STUDY MATERIAL ▸
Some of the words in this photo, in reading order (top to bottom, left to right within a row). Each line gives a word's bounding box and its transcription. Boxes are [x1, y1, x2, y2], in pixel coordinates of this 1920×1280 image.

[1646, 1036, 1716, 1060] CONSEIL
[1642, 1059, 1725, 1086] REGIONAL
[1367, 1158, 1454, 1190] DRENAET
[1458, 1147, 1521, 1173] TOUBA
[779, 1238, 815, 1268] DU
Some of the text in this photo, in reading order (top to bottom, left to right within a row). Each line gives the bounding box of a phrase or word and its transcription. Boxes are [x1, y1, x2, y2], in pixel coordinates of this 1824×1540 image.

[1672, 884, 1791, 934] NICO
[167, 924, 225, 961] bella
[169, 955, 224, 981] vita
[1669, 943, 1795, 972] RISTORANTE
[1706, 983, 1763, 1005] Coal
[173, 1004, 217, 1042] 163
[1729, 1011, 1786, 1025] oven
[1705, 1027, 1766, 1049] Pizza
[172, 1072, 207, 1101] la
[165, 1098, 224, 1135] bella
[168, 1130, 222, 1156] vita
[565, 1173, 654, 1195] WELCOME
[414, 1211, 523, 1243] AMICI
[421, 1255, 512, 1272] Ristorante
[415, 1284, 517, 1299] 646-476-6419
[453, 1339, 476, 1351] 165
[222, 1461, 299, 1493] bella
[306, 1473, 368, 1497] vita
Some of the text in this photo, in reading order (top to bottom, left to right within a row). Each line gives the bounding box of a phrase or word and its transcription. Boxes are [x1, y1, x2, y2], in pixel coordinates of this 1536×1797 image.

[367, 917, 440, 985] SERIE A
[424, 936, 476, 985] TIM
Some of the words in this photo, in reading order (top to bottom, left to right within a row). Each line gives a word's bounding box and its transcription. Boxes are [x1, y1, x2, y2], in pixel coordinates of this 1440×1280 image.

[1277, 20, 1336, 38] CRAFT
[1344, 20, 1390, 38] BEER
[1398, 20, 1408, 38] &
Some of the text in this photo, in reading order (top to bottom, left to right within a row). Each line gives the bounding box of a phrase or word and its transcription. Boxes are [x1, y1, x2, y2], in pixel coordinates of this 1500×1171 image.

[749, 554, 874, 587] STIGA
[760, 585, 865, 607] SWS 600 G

YOUR OBJECTIVE ▸ Copy all data exactly, start to finish.

ANSWER AREA ▸
Some of the words in this photo, in reading order (top to bottom, left to right within a row). Each line gives a word's bounding box and its transcription. Boxes are [x1, y1, x2, y2], in pixel coordinates of this 1920×1280 image.

[1646, 1036, 1716, 1060] CONSEIL
[1642, 1059, 1725, 1086] REGIONAL
[1367, 1158, 1454, 1190] DRENAET
[1458, 1147, 1521, 1173] TOUBA
[779, 1238, 815, 1268] DU
Some of the text in this photo, in reading order (top to bottom, left to right within a row). Each line gives the bounding box of a phrase or word and its transcription. Boxes are [x1, y1, x2, y2], in pixel coordinates of this 1824×1540 image.

[1672, 884, 1791, 934] NICO
[167, 924, 225, 961] bella
[169, 955, 224, 981] vita
[1669, 943, 1795, 972] RISTORANTE
[1706, 983, 1763, 1005] Coal
[173, 1004, 217, 1042] 163
[1729, 1011, 1786, 1025] oven
[1705, 1027, 1766, 1049] Pizza
[172, 1072, 207, 1101] la
[165, 1098, 224, 1135] bella
[168, 1130, 222, 1156] vita
[565, 1173, 654, 1195] WELCOME
[414, 1211, 523, 1243] AMICI
[421, 1255, 512, 1272] Ristorante
[415, 1284, 517, 1299] 646-476-6419
[453, 1339, 476, 1351] 165
[222, 1461, 299, 1493] bella
[306, 1473, 368, 1497] vita
Some of the text in this photo, in reading order (top to bottom, left to right within a row). Each line gives the bounding box of a phrase or word and its transcription. Boxes are [x1, y1, x2, y2], in pixel coordinates of this 1536×1797 image.

[367, 917, 440, 985] SERIE A
[424, 936, 476, 985] TIM
Some of the words in this photo, in reading order (top to bottom, left to right within a row). Each line gives a word's bounding box and its transcription. Boxes are [x1, y1, x2, y2], in pixel coordinates of this 1440×1280 image.

[1277, 20, 1336, 38] CRAFT
[1344, 20, 1390, 38] BEER
[1398, 20, 1408, 38] &
Some of the text in this photo, in reading order (top to bottom, left to right within a row). Each line gives the bounding box of a phrase or word and its transcription. Boxes are [x1, y1, x2, y2], in pixel coordinates of this 1500×1171 image.

[749, 554, 874, 587] STIGA
[760, 585, 865, 607] SWS 600 G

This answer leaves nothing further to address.